America’s final partisan primary

And you thought the primaries were all over!

Today, Oct. 18, Democratic voters in Connecticut’s House District 127 are casting their ballots in the country’s final partisan primary of the year.

This is a court-ordered redo election. The initial primary took place on Aug. 9. After two recounts, initial results showed challenger Marcus Brown defeating incumbent John Hennessy by two votes, 573 to 571. The Superior Court of Bridgeport invalidated the original results on Oct. 4 and scheduled a new election.

Following the second recount, Hennessy, first elected in 2004, appealed the results. An evidentiary hearing found that four voters cast absentee ballots they received after submitting ineligible applications.
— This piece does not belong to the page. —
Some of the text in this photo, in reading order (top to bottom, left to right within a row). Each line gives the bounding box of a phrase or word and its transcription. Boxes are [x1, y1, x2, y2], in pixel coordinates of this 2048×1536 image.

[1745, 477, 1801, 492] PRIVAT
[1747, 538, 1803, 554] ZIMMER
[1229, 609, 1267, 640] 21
Those four voters said their applications were signed and sent without their knowledge in violation of state law, making their submitted ballots ineligible.
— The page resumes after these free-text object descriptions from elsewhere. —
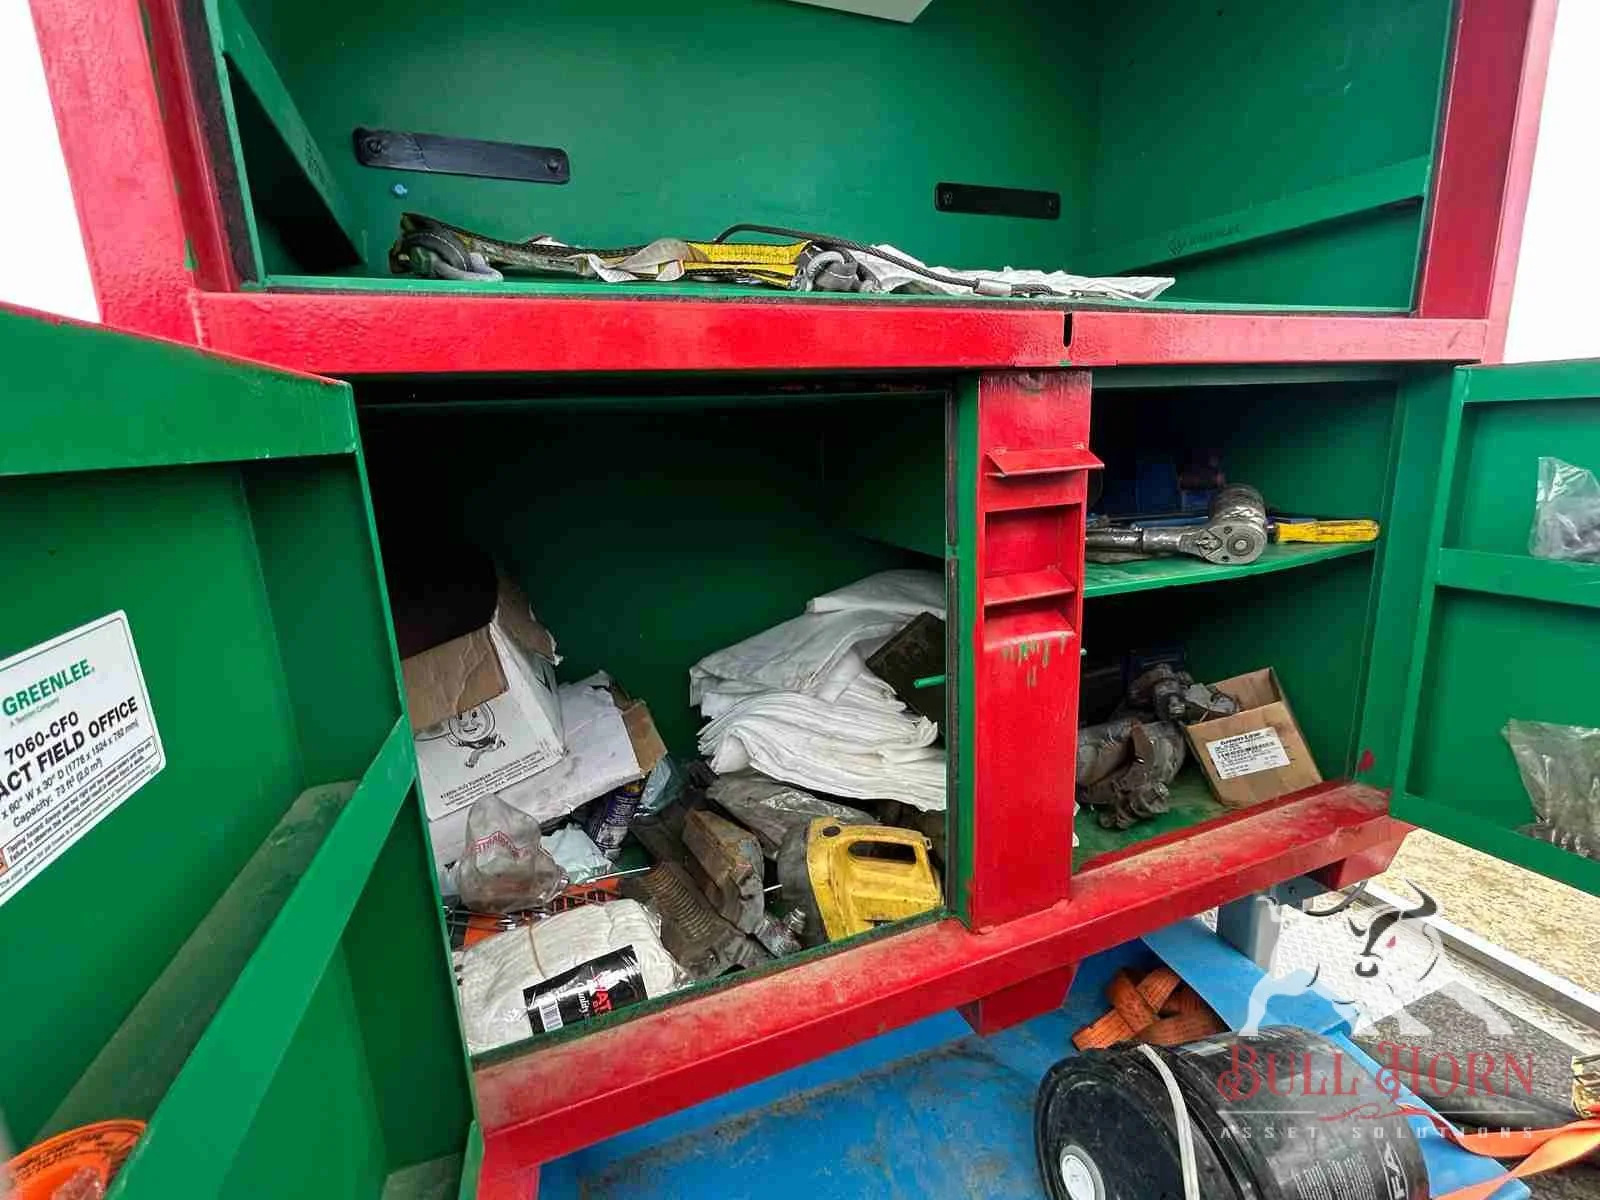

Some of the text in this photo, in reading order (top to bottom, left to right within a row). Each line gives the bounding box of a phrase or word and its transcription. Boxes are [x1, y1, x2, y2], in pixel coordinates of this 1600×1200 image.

[4, 712, 78, 765] 7060-CFO
[36, 730, 85, 774] FIELD
[88, 696, 138, 738] OFFICE
[13, 798, 54, 828] Capacity:
[55, 784, 66, 798] 73
[25, 788, 34, 801] W
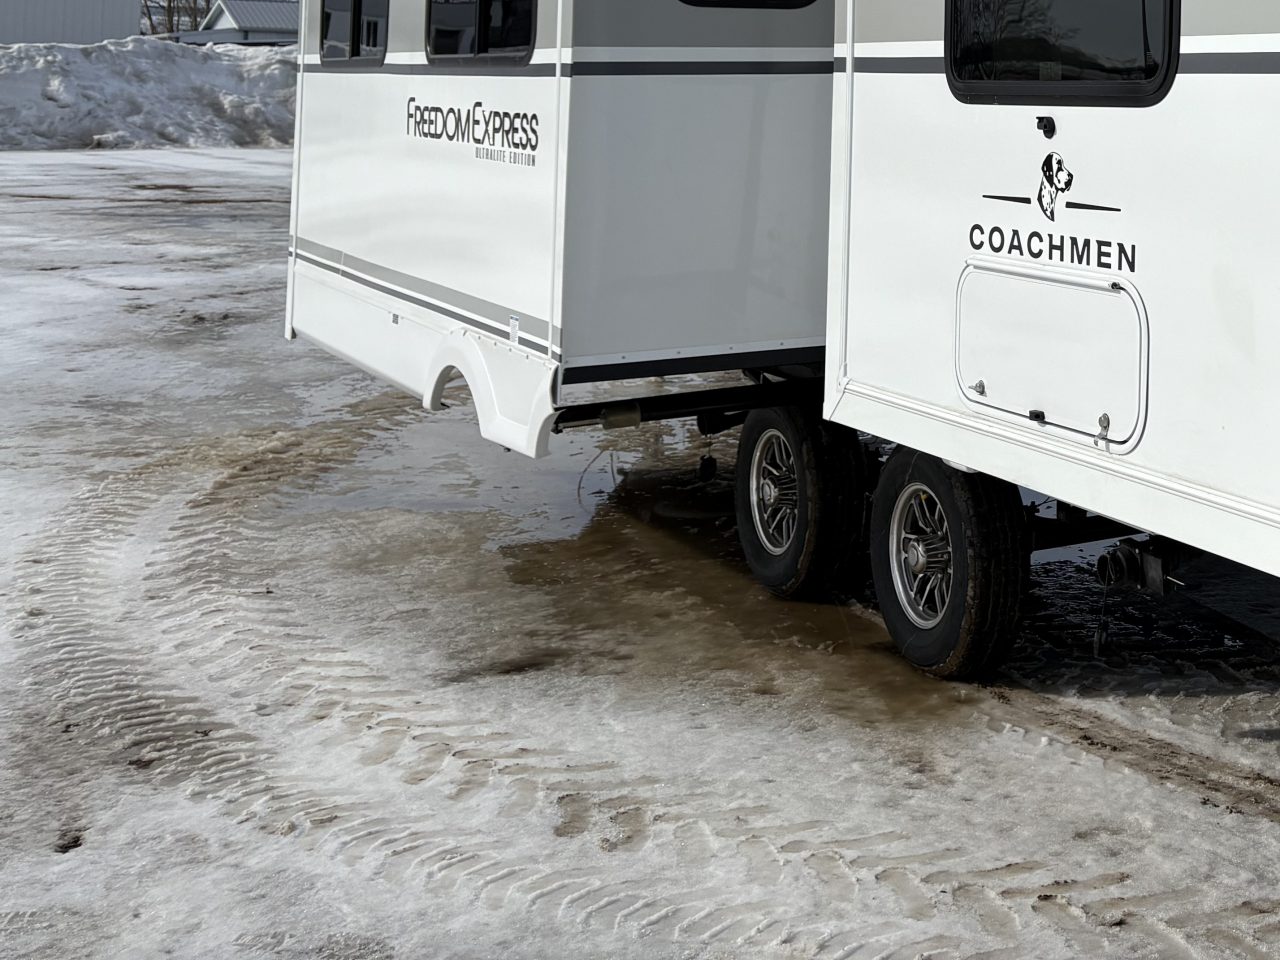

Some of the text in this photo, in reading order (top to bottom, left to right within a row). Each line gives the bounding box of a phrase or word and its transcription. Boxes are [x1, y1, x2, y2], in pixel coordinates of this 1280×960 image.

[475, 146, 536, 167] ULTRALITE EDITION
[969, 223, 1136, 273] COACHMEN
Judge Barry Stevens said he had to infer the final recount included the four ineligible absentee ballots. Since the margin of victory was fewer votes than the number of ineligible ballots, Stevens did not approve the results of the final recount.

Officials must certify the results of the new primary by 5 p.m. on Oct. 19.
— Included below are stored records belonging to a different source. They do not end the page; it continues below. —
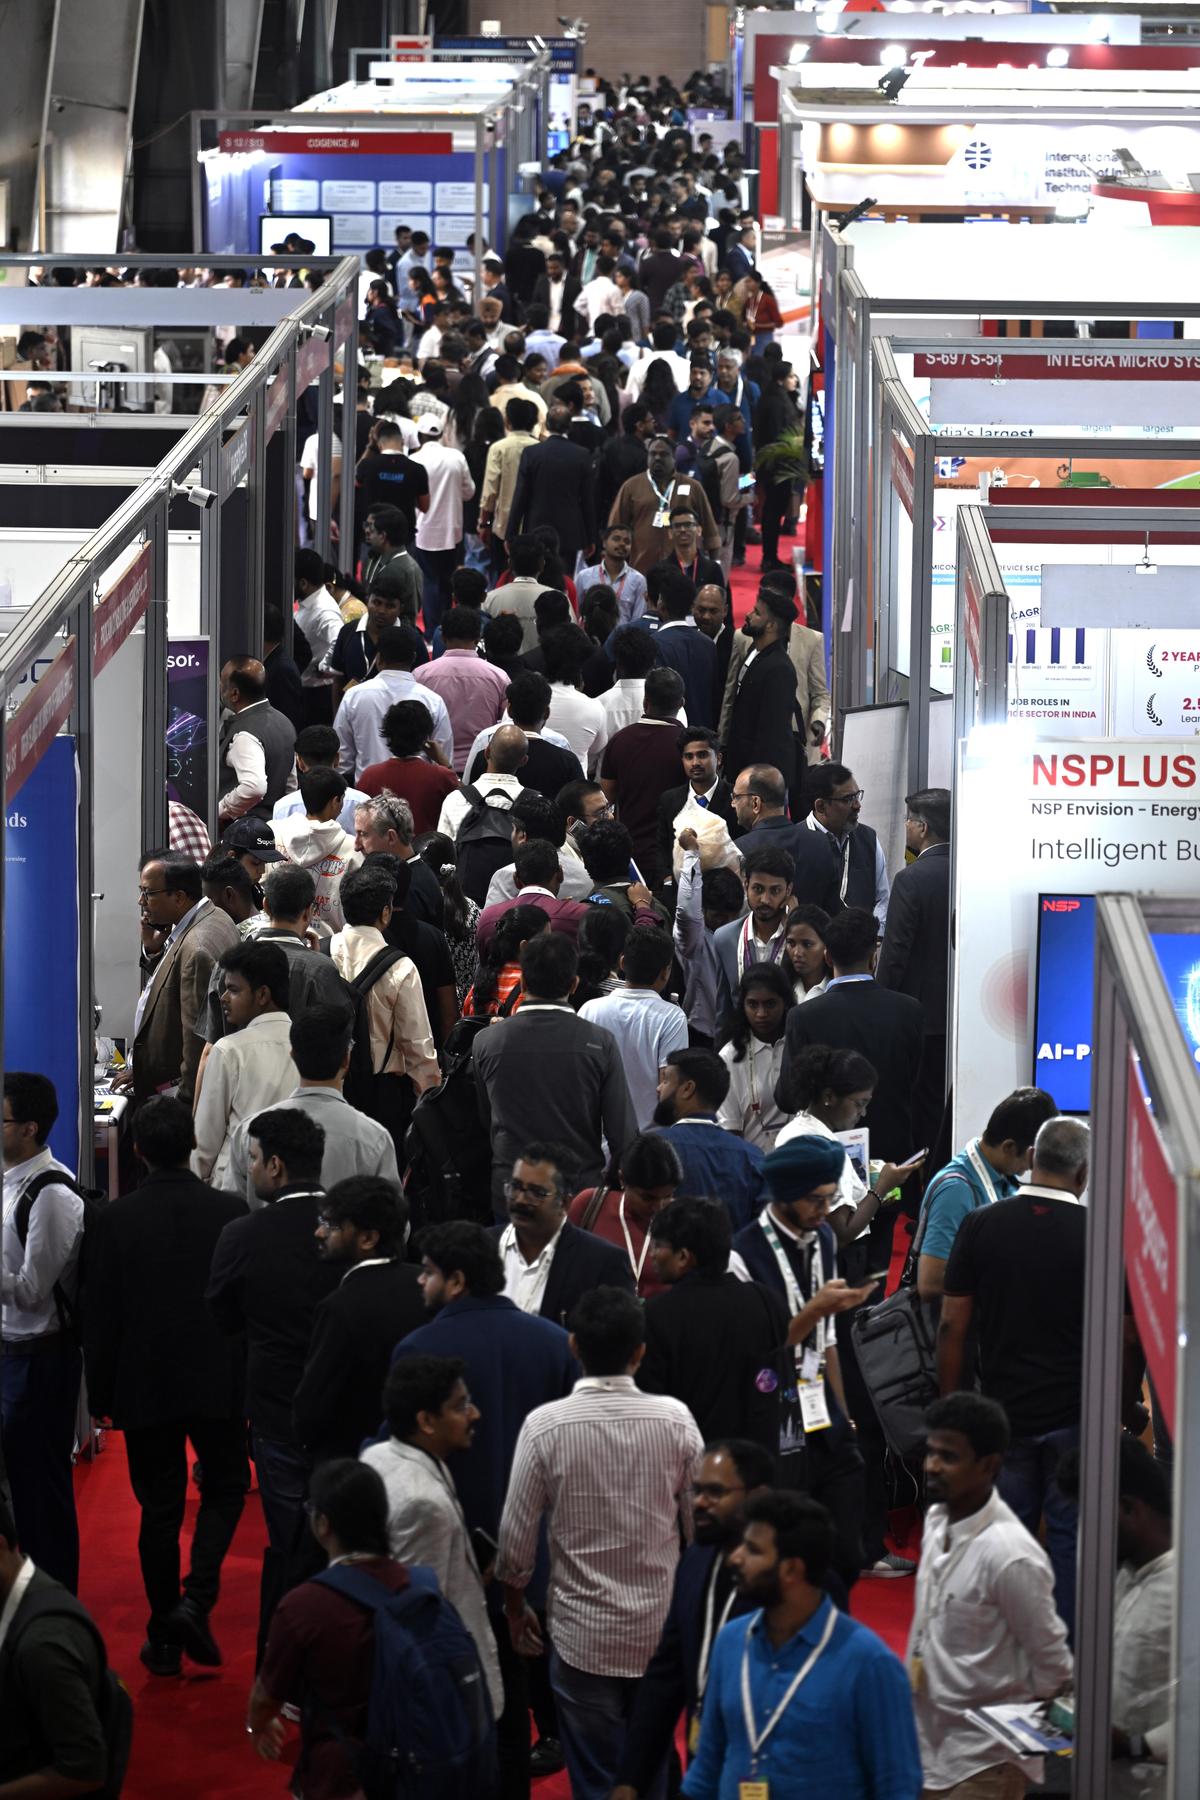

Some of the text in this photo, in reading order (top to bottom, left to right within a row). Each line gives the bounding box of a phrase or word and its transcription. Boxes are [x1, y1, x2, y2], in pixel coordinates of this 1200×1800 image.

[926, 354, 958, 365] S-69
[961, 354, 967, 365] /
[1047, 354, 1115, 368] INTEGRA
[1119, 354, 1170, 368] MICRO
[1161, 651, 1169, 661] 2
[1010, 698, 1029, 706] JOB
[1031, 698, 1059, 706] ROLES
[1072, 711, 1097, 719] INDIA
[1032, 754, 1197, 788] NSPLUS
[1031, 803, 1062, 815] NSP
[1067, 802, 1133, 816] Envision
[1151, 803, 1200, 821] Energ
[1032, 838, 1167, 868] Intelligent
[1042, 900, 1081, 912] NSP
The winner of the new primary will face Anthony Puccio (R) on Nov. 8. 

Connecticut is one of eight states that allows fusion voting, in which candidates can receive nominations from more than one party. Regardless of the outcome of the new primary, Hennessy will appear on the general election ballot as a candidate for the Working Families Party.

Keep reading 

Previewing Minnesota’s gubernatorial election

Next, in our previews of battleground elections this year, is Minnesota’s gubernatorial election.

Incumbent Gov. Tim Walz (D), former state Sen. Scott Jensen (R), and four other candidates are running.

Walz was first elected in 2018, defeating Jeff Johnson (R) 54% to 42%. He represented Minnesota’s 1st U.S. House District from 2007 to 2019. Walz said he “balanced every budget while cutting taxes … and making critical investments to expand access to training opportunities and community college programs.”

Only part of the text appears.